Could you restate the entries below word for word and leave the images out?

[Data extracted from a collection]
((
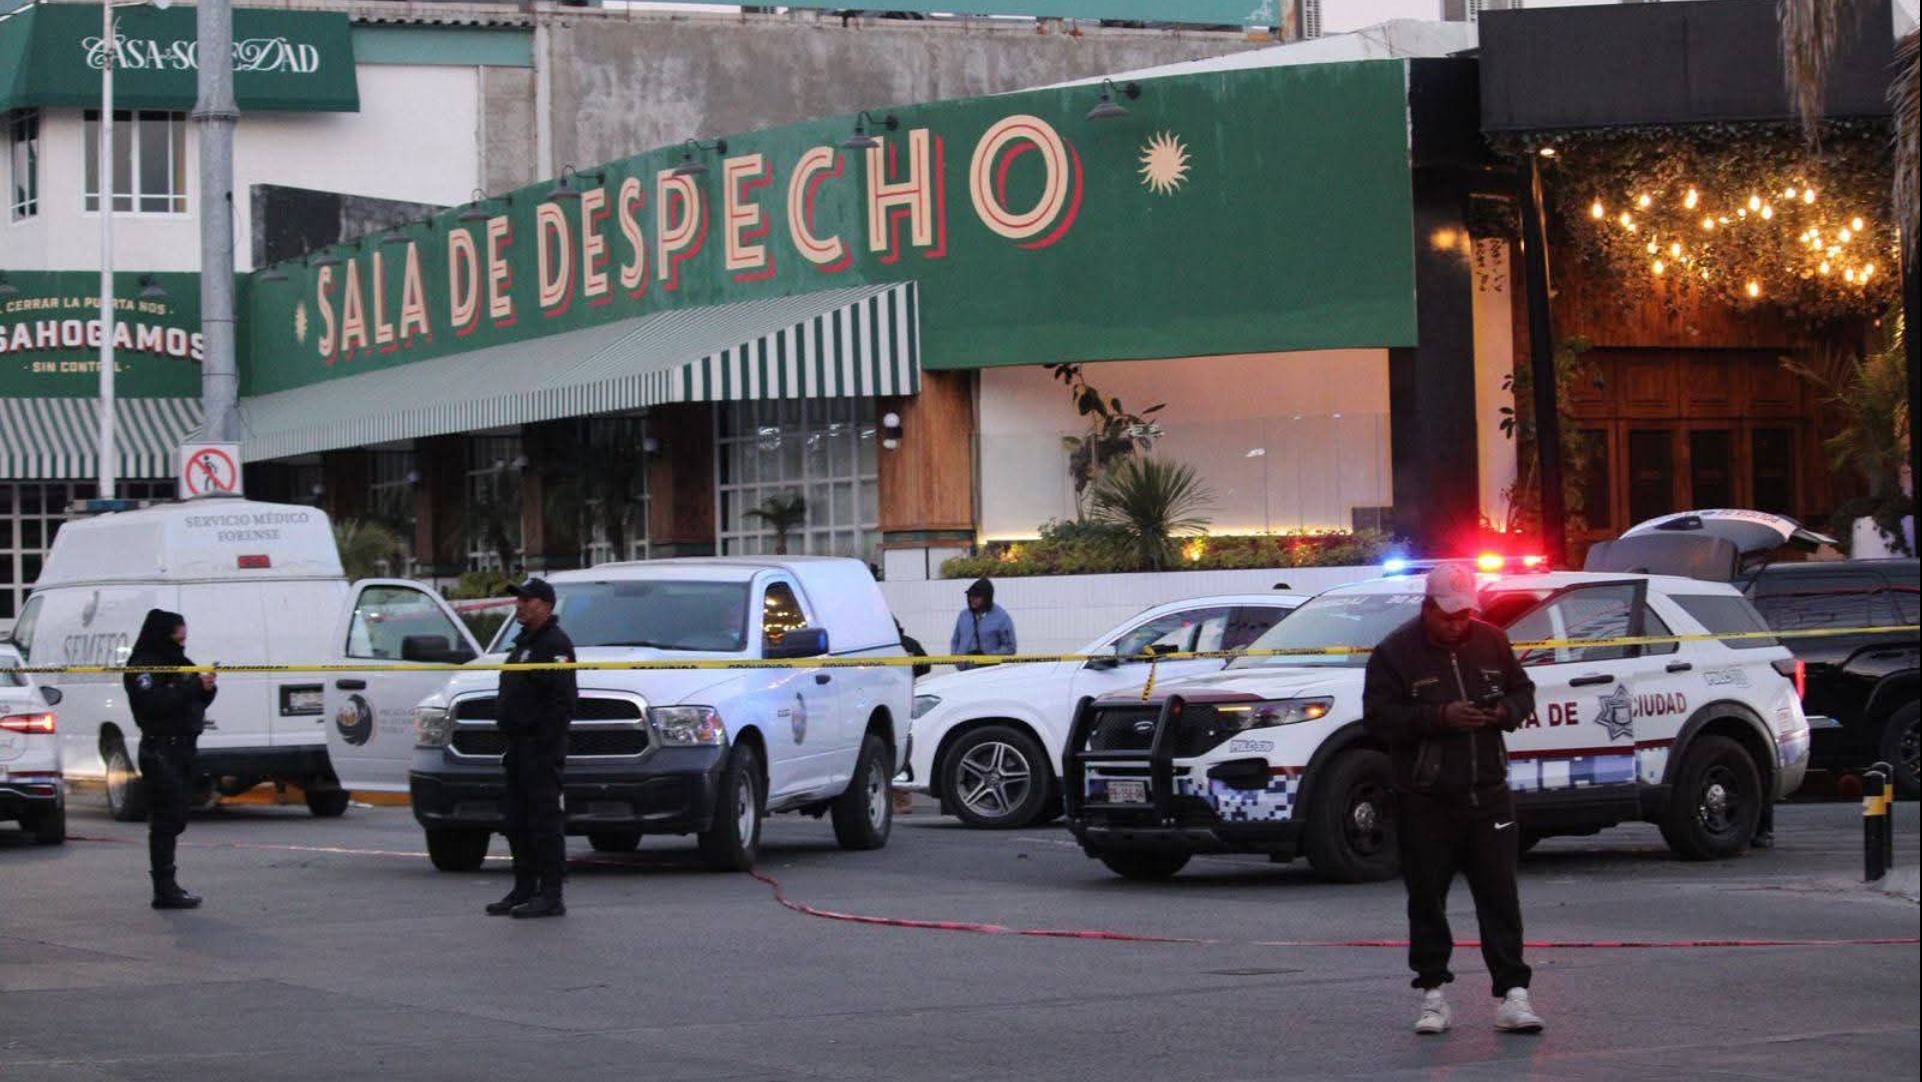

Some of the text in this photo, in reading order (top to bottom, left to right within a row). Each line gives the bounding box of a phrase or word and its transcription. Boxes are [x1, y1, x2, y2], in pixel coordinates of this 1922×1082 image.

[172, 37, 319, 72] SOEDAD
[317, 114, 1082, 362] SALA DE DESPECHO
[6, 298, 58, 312] CERRAR
[64, 296, 81, 308] LA
[84, 297, 134, 310] PURTA
[139, 301, 166, 315] NOS
[32, 361, 122, 373] SIN CONTRL
[184, 512, 309, 528] SERVICIO MÉDICO
[218, 529, 279, 542] FORENSE
[1548, 701, 1579, 727] DE
))
WRITTEN SOLUTION>
Some of the text in this photo, in reading order (top to bottom, left to right within a row). Each line gives the bounding box of a phrase or word and its transcription. Boxes are [x1, y1, x2, y2], in pixel coordinates of this 1922×1082 image.

[172, 37, 319, 72] SOEDAD
[317, 114, 1082, 362] SALA DE DESPECHO
[6, 298, 58, 312] CERRAR
[64, 296, 81, 308] LA
[84, 297, 134, 310] PURTA
[139, 301, 166, 315] NOS
[32, 361, 122, 373] SIN CONTRL
[184, 512, 309, 528] SERVICIO MÉDICO
[218, 529, 279, 542] FORENSE
[1548, 701, 1579, 727] DE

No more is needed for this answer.